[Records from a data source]
:::

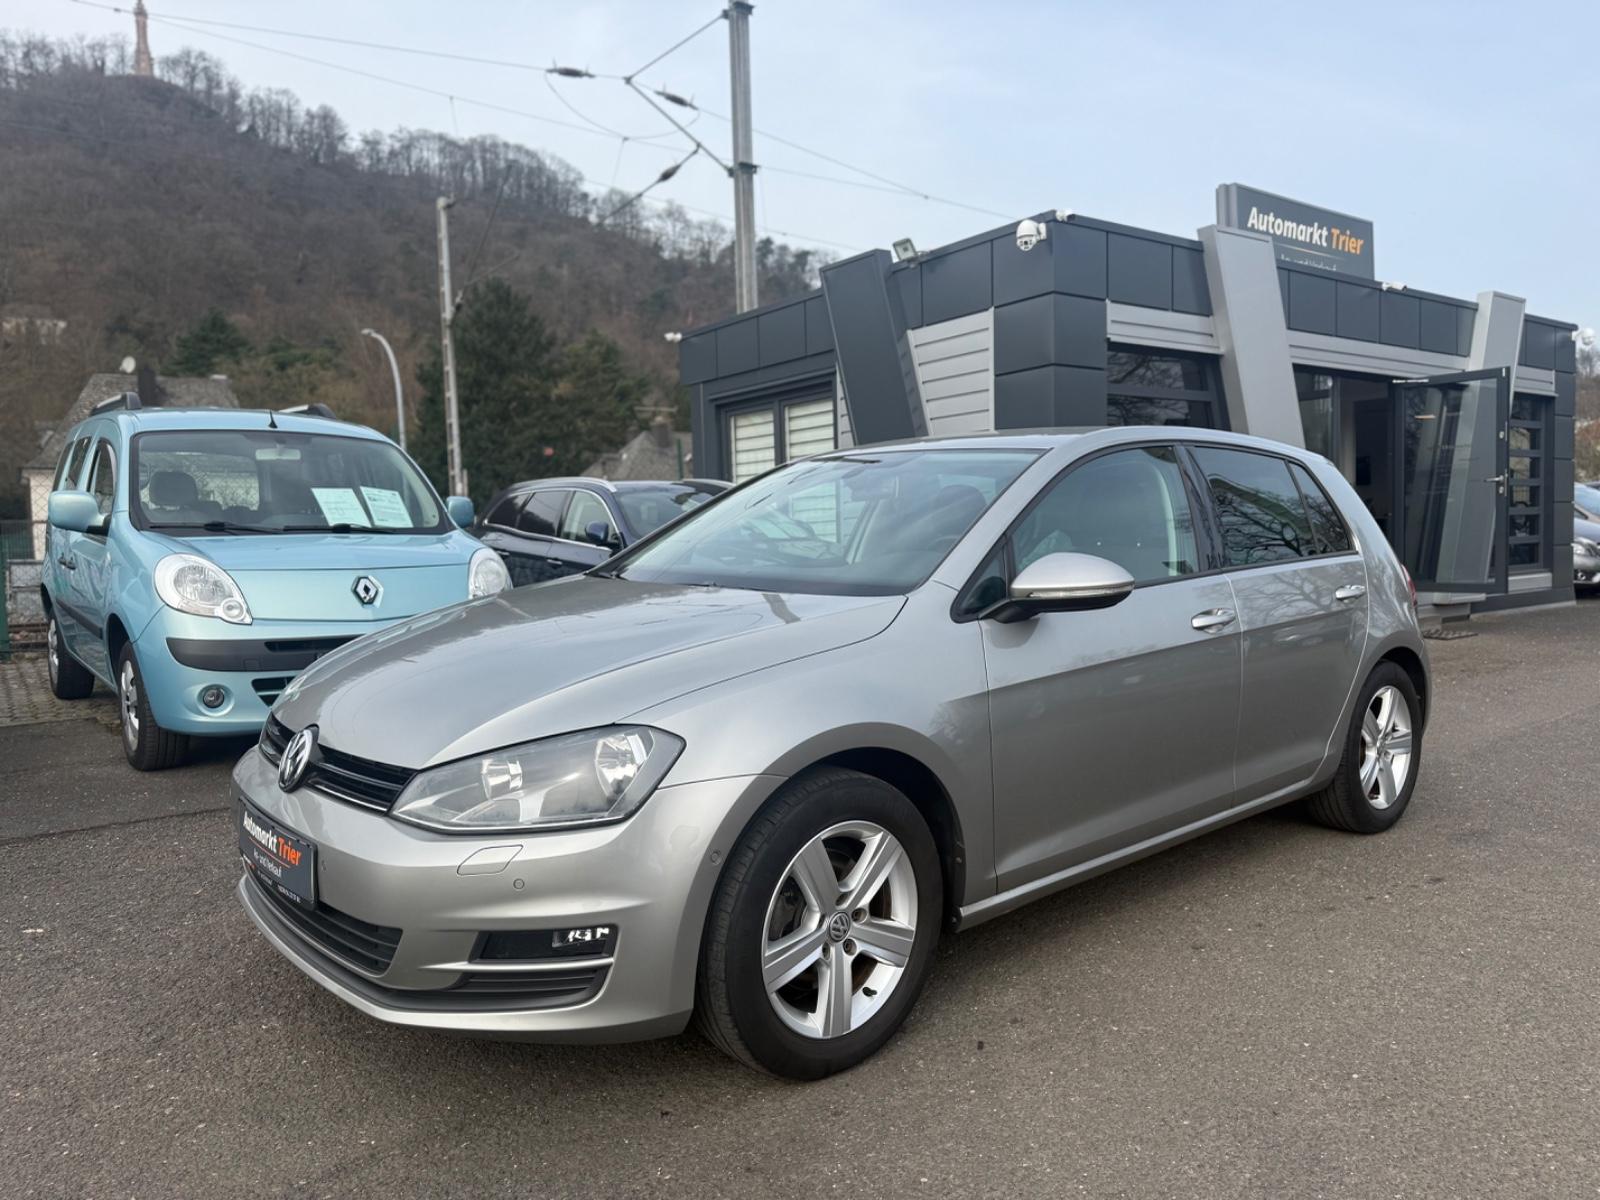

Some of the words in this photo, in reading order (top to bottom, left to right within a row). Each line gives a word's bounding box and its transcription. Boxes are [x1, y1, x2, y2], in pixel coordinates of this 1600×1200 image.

[1247, 206, 1328, 247] Automarkt
[1331, 228, 1364, 255] Trier
[243, 811, 278, 853] Automarkt
[278, 837, 302, 866] Trier
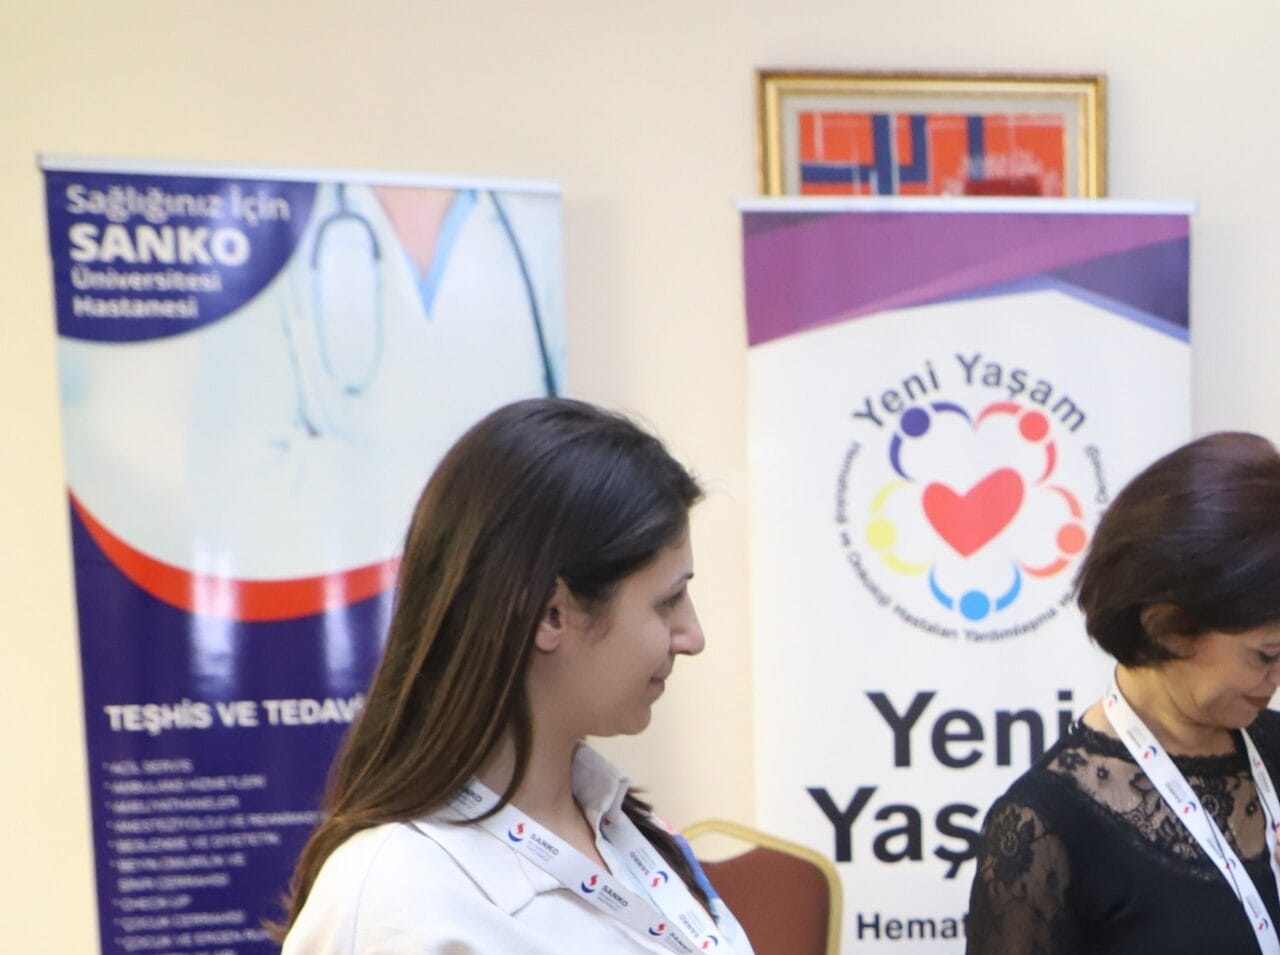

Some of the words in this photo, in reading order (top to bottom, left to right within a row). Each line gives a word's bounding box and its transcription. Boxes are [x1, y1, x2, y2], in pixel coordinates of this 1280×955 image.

[65, 183, 222, 224] Sağlığınız
[69, 222, 251, 266] SANKO
[70, 263, 222, 292] Üniversitesi
[73, 295, 199, 319] Hastanesi
[853, 360, 940, 430] Yeni
[955, 352, 1088, 433] Yaşam
[104, 698, 213, 736] TEŞHİS
[216, 700, 259, 728] VE
[865, 689, 1074, 769] Yeni
[529, 833, 560, 856] SANKO
[602, 885, 629, 907] SANKO
[857, 912, 968, 940] Hema

:::

» **Requirement**:
Only the lines from the one containing "this 1280×955 image." through the last line of the records should appear, each written out exactly.

» **Reply**:
Some of the words in this photo, in reading order (top to bottom, left to right within a row). Each line gives a word's bounding box and its transcription. Boxes are [x1, y1, x2, y2], in pixel coordinates of this 1280×955 image.

[65, 183, 222, 224] Sağlığınız
[69, 222, 251, 266] SANKO
[70, 263, 222, 292] Üniversitesi
[73, 295, 199, 319] Hastanesi
[853, 360, 940, 430] Yeni
[955, 352, 1088, 433] Yaşam
[104, 698, 213, 736] TEŞHİS
[216, 700, 259, 728] VE
[865, 689, 1074, 769] Yeni
[529, 833, 560, 856] SANKO
[602, 885, 629, 907] SANKO
[857, 912, 968, 940] Hema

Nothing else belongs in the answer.